APG, which manages €601 billion ($699 billion) in assets on behalf of Dutch pension fund ABP, said the Korean rental housing market fits its approach to developed-market opportunities in Asia, where changing demographics and rising demand for professionally managed accommodation are creating long-term investment themes.
Bouwinvest, the €17.8 billion Dutch real estate investment manager, is joining KLV as part of its performance strategy, with the firm having built global exposure to residential sectors on behalf of pension clients.

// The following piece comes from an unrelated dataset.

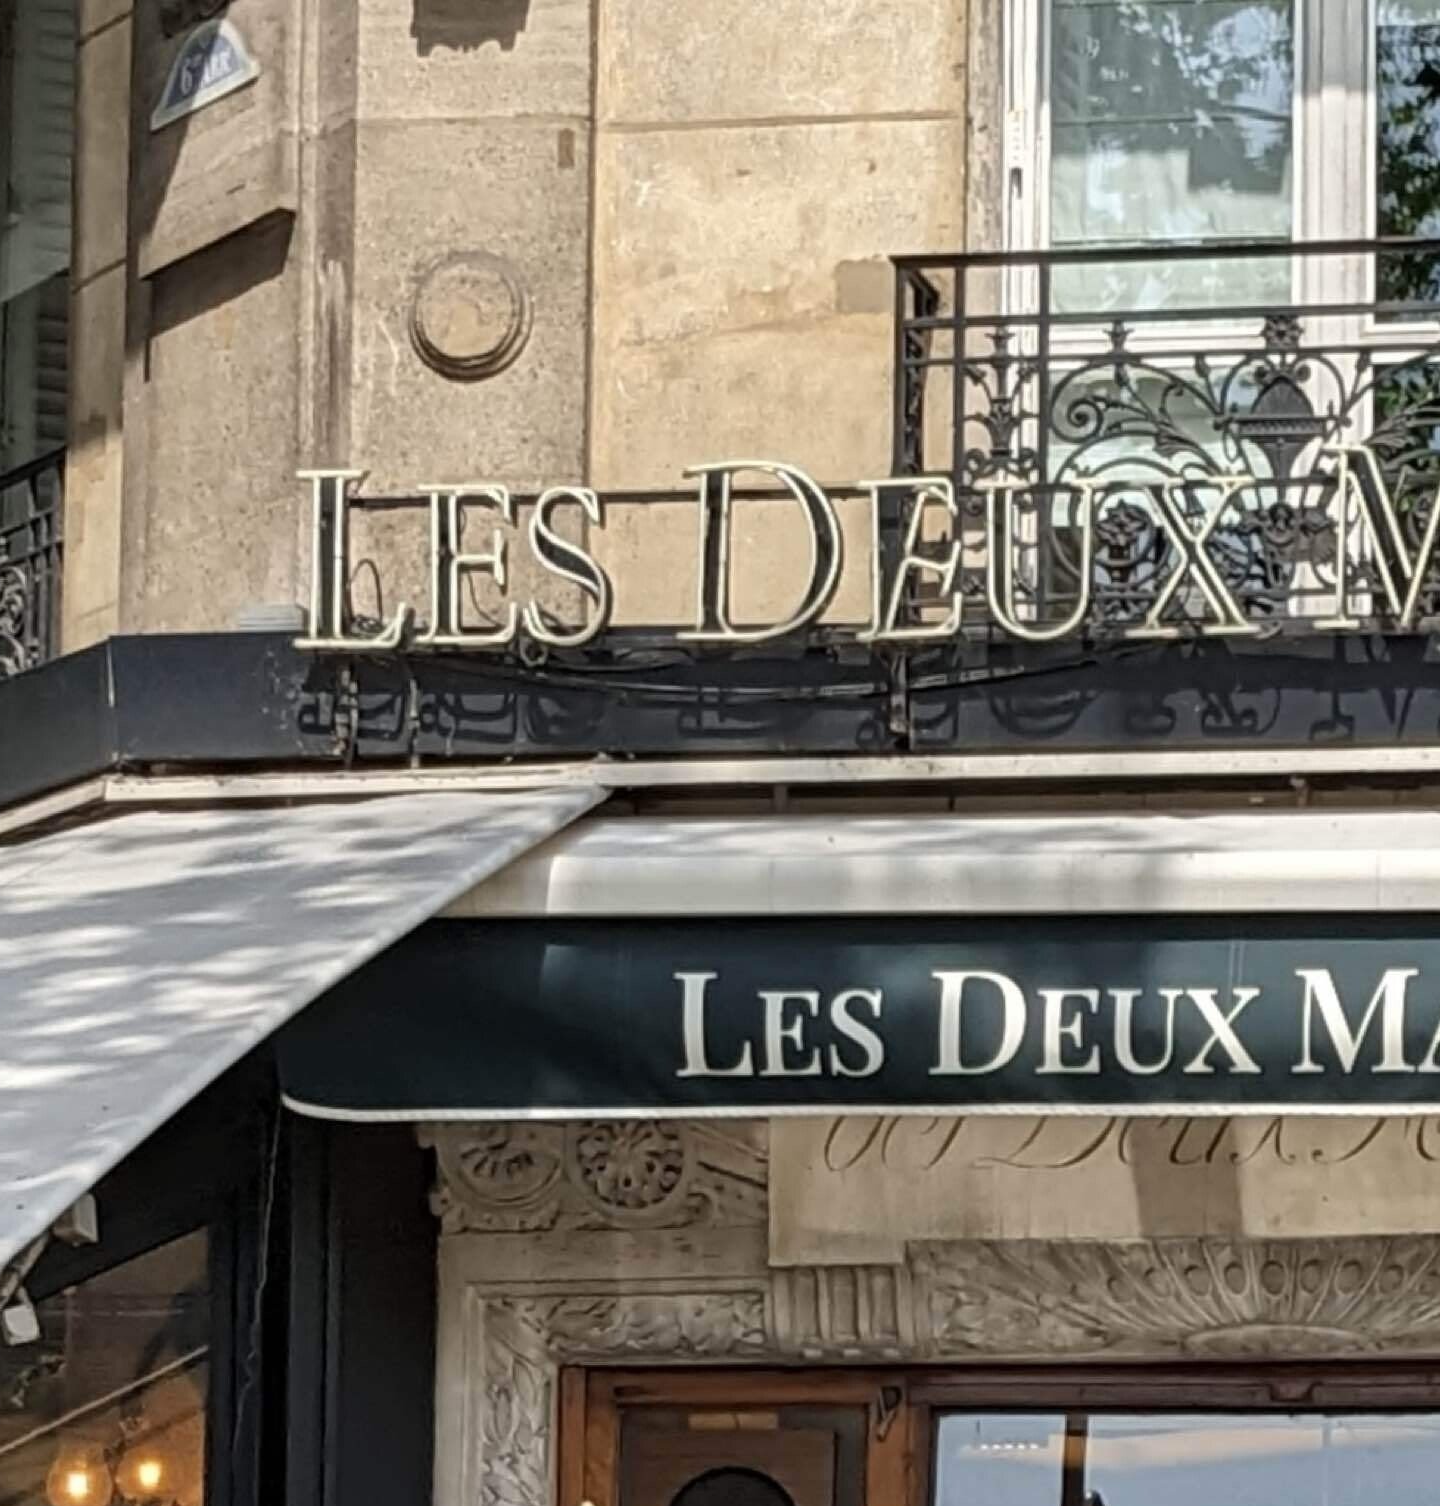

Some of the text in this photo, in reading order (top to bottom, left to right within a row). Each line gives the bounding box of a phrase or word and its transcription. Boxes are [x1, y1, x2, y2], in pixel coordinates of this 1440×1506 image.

[293, 469, 613, 649] LES
[676, 460, 1263, 642] DEUX
[675, 970, 885, 1079] LES
[927, 968, 1263, 1078] DEUX

While Tishman Speyer has yet to announce any owned development projects in South Korea, the family-controlled firm has been entrusted with managing the National Pension Service’s real estate investment assets since 2011, and since 2021 has overseen the Korean pension giant’s $1.5 billion separately managed account targeting US properties.
The Manhattan-based developer opened a Seoul office in 2022 and last year launched a liaison office in the southwestern city of Jeonju, home to NPS, with that outpost aimed at providing strategic support to the pension fund.
Tishman Speyer’s previous Asia Pacific efforts have centred on Shanghai, where the company developed two mixed-use megaprojects: Crystal Plaza in Pudong district and The Springs in Yangpu district. Founded in 1978, privately held Tishman Speyer has acquired, developed and operated 600 properties with a combined value of $138 billion, including New York’s Rockefeller Center, where the firm is headquartered.
Foreign Flows
KLV’s launch comes during a busy week for overseas institutional capital in South Korea, with the Canada Pension Plan Investment Board announcing Tuesday a $329 million hotel partnership with Seoul-based BlueCove Investment to acquire and reposition hospitality assets in the country.
On Thursday, Canada’s Brookfield told local media that it plans to boost its South Korea investments to KRW 30 trillion ($19 billion) by 2030 from KRW 17 trillion currently, with the asset manager pointing to opportunities in AI infrastructure including data centres.
Brookfield’s Korean properties include Seoul’s International Finance Centre complex, where the Canadian giant in 2024 sold the Conrad hotel to ARA Asset Management’s Korean unit for $300 million.
Late last year Brookfield sold the Cheongna Logistics Center in Incheon to KKR for $692 million, marking South Korea’s largest single-asset logistics deal and handing the Canadian manager a gain after less than three years of ownership.